Driving over 500 miles with friends from North Carolina State University and UNC-Chapel Hill, junior Ashley Gill embarked on a journey last Friday to Afropunk Brooklyn, a global Black arts and music festival garnering over 60,000 attendees annually.
“We left at 4:00 a.m. from Raleigh and arrived around 3:00 p.m. in NYC. The morning wasn’t bad at all,” Gill told me. “Everyone was really excited to be in each other’s presence and we slept for most of the ride.”
UNC MJ-School student Venetia Busby and I opted to fly to New York. She arrived at the Raleigh-Durham International Airport at 3:30 a.m. for her 5 a.m. departure and I followed later, leaving Carolina's campus at 3 p.m. We lodged in Crown Heights, Brooklyn for the weekend, a 30 to 40-minute commute away from Commodore Barry Park where the festival was held. Busby said she and Gill had been planning this since April 2019.

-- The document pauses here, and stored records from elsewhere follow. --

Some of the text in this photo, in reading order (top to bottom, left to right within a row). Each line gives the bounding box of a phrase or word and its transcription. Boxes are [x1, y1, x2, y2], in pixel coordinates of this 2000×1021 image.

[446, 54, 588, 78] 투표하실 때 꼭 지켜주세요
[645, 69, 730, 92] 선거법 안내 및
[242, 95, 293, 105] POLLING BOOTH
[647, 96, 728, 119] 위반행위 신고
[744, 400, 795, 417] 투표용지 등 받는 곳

“The process was first finding a place for all of us to sleep. We rented a large Airbnb to fit 12+ people, then bought our Afropunk tickets, and then lastly, we found travel accommodations,” Busby said.
Although Afropunk Atlanta is coming up this October, there was something so alluring about attending Afropunk in New York that they could not shake.

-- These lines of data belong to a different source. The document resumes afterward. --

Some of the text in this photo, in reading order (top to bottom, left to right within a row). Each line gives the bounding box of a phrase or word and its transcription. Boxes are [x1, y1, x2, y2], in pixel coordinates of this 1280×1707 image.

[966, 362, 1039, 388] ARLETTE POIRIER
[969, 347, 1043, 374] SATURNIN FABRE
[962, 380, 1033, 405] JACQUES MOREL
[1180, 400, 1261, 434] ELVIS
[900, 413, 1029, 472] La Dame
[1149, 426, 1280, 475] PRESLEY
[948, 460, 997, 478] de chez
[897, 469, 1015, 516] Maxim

Busby said, “Brooklyn is the birthplace of Afropunk. It is rich and vibrant with culture there. At UNC, it’s very hard to find a space where your Blackness and creativeness is heard and seen...whereas this was a safe space to be as unapologetically me, just as I please.”

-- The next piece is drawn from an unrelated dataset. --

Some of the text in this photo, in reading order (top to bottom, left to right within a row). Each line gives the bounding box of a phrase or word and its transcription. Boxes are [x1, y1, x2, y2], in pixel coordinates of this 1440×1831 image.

Afropunk Festival was founded in 2005 by James Spooner and Michael Morgan, and the theme this year is “We See You.” For, the festival is not only a form of enjoyment, but an act of resistance and representative of a counter-culture movement allowing Black individuals to safely and freely express themselves.
In an effort to preserve these ideals and curate an inclusive environment, the festival has a strict no sexism, no racism, no ableism, no homophobia, no fatphobia, no transphobia, no hatefulness and no "Trumpism" policy. For Gill, Afropunk posed a much needed contrast to her experience as a Black student at Carolina.
“I’ve never experienced being in such a safe, supportive and breathtakingly beautiful space, so much to the point [where] I crave it here at Carolina. Yes, I have been able to connect with other Black people at Carolina but for me personally, I haven’t found a group cultivating that extreme self expression, openness and artistry here,” Gill told me.